The task: Please return each record below exactly, with nothing left out.

Records provided:
-=-=-

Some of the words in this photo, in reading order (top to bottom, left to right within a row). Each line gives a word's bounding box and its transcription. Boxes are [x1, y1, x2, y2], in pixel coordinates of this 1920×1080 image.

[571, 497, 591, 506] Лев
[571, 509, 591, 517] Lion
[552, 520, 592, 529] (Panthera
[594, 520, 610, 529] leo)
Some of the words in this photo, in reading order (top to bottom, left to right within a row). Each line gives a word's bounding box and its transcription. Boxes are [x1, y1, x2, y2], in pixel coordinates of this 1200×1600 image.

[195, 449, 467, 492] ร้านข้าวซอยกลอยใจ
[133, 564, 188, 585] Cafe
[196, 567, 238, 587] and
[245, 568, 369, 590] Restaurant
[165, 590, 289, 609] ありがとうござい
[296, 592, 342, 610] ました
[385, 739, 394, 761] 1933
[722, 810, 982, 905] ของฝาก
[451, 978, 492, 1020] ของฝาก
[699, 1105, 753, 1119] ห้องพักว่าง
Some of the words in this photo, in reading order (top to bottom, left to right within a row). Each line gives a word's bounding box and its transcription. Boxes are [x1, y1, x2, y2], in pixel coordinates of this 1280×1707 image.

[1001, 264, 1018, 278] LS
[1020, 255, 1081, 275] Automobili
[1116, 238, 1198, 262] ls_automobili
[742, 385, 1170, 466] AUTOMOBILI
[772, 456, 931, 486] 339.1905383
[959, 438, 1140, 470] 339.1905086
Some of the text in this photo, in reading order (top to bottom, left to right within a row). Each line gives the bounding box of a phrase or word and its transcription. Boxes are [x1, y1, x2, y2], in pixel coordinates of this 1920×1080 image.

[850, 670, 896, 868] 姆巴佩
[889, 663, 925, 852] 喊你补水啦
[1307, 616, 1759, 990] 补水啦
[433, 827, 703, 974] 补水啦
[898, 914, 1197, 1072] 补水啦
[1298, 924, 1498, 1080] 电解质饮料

-=-=-

Problem solution:
Some of the words in this photo, in reading order (top to bottom, left to right within a row). Each line gives a word's bounding box and its transcription. Boxes are [x1, y1, x2, y2], in pixel coordinates of this 1920×1080 image.

[571, 497, 591, 506] Лев
[571, 509, 591, 517] Lion
[552, 520, 592, 529] (Panthera
[594, 520, 610, 529] leo)
Some of the words in this photo, in reading order (top to bottom, left to right within a row). Each line gives a word's bounding box and its transcription. Boxes are [x1, y1, x2, y2], in pixel coordinates of this 1200×1600 image.

[195, 449, 467, 492] ร้านข้าวซอยกลอยใจ
[133, 564, 188, 585] Cafe
[196, 567, 238, 587] and
[245, 568, 369, 590] Restaurant
[165, 590, 289, 609] ありがとうござい
[296, 592, 342, 610] ました
[385, 739, 394, 761] 1933
[722, 810, 982, 905] ของฝาก
[451, 978, 492, 1020] ของฝาก
[699, 1105, 753, 1119] ห้องพักว่าง
Some of the words in this photo, in reading order (top to bottom, left to right within a row). Each line gives a word's bounding box and its transcription. Boxes are [x1, y1, x2, y2], in pixel coordinates of this 1280×1707 image.

[1001, 264, 1018, 278] LS
[1020, 255, 1081, 275] Automobili
[1116, 238, 1198, 262] ls_automobili
[742, 385, 1170, 466] AUTOMOBILI
[772, 456, 931, 486] 339.1905383
[959, 438, 1140, 470] 339.1905086
Some of the text in this photo, in reading order (top to bottom, left to right within a row). Each line gives the bounding box of a phrase or word and its transcription. Boxes are [x1, y1, x2, y2], in pixel coordinates of this 1920×1080 image.

[850, 670, 896, 868] 姆巴佩
[889, 663, 925, 852] 喊你补水啦
[1307, 616, 1759, 990] 补水啦
[433, 827, 703, 974] 补水啦
[898, 914, 1197, 1072] 补水啦
[1298, 924, 1498, 1080] 电解质饮料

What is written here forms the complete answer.